Não é a primeira vez que o presidente Bolsonaro se envolve em uma polêmica (aliás, isso é uma constante). Sequer é a primeira vez que ele fala do tratamento do HIV como uma despesa. Mas o discurso vindo do presidente da república é perigoso.
Muita gente afirma que nesses casos é besteira pensar no que ele falou, alegando que Bolsonaro não pode fazer nada para mudar. Além de ingênua, tal afirmação esquece o principal: O discurso sendo oficial (afinal ele é o Chefe de Estado) legitima ações e discursos de outras pessoas. O que é muito perigoso! Vamos aos fatos:
Um dia depois do presidente afirmar que “uma pessoa com HIV, além do problema sério para ela, é uma despesa para todos no Brasil”, veio a público que a Confederação Nacional da Indústria (CNI) entrou com uma ação no Supremo Tribunal Federal (STF) contra uma regra trabalhista que protege pessoas que vivem com HIV e outras doenças estigmatizantes.

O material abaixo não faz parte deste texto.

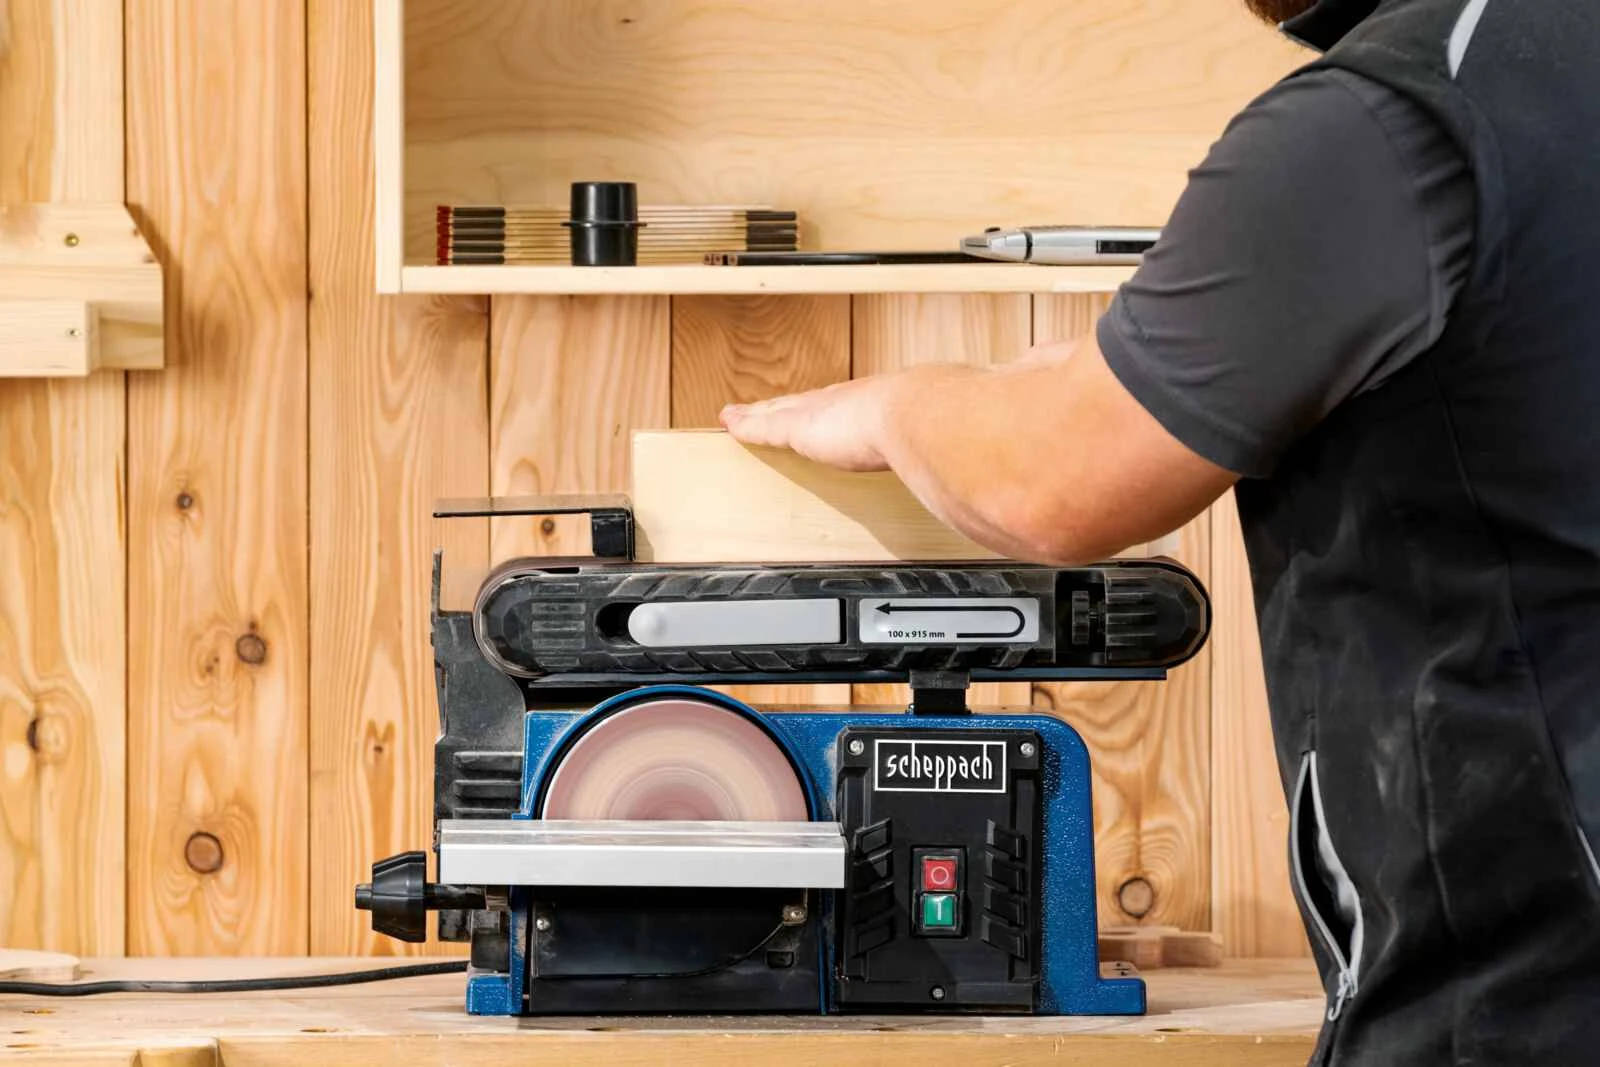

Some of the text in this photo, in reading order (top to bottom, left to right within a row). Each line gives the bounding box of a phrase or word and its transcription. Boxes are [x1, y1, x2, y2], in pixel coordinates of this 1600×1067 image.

Apesar de ter sido protocolada antes da fala de Jair Bolsonaro, ação é mais uma prova que o discurso discriminatório está ganhando espaço em nosso país com a última eleição presidencial. Vale lembrar que em 2015, em entrevista para Monica Iozzi, no programa CQC, o então deputado já afirmava que “não venha querer políticas públicas , dinheiro do povo para tratar essa gente que contrai a doença nesses atos”.
Além de questões práticas, com a ameaça de perda de direitos, a fala de Bolsonaro ainda ajuda a aumentar o preconceito contra as pessoas com HIV. Segundo pesquisa divulgada pelo Programa Conjunto nas Nações Unidas sobre AIDS/HIV, 64% dos entrevistados já sofreram estigma ou descriminação pelo fato de viverem com HIV.
Ao dizer que as pessoas vivendo com HIV causam prejuízo à sociedade, o presidente autoriza o estigma, a discriminação e a violação dos direitos humanos.
Nota da Associação Brasileira Interdisciplinar de AIDS
Além do absurdo que é considerar o tratamento de HIV como uma despesa, no sentido pejorativo, vale lembrar que o Brasil tem, aí sim, despesas absurdas com as quais o presidente deveria se preocupar. Levantamento feito pelo jornalistas Leandro Prazeres, da Globo Brasília, em seu twitter mostra que o gasto com remédios do tratamento com HIV em 2019 foi de R$ 1,8 bilhão (dados do Portal da Transparência). Enquanto isso, estima-se que os gastos com pagamento de pensões a filha de militares por ano custe R$ 5 bilhões.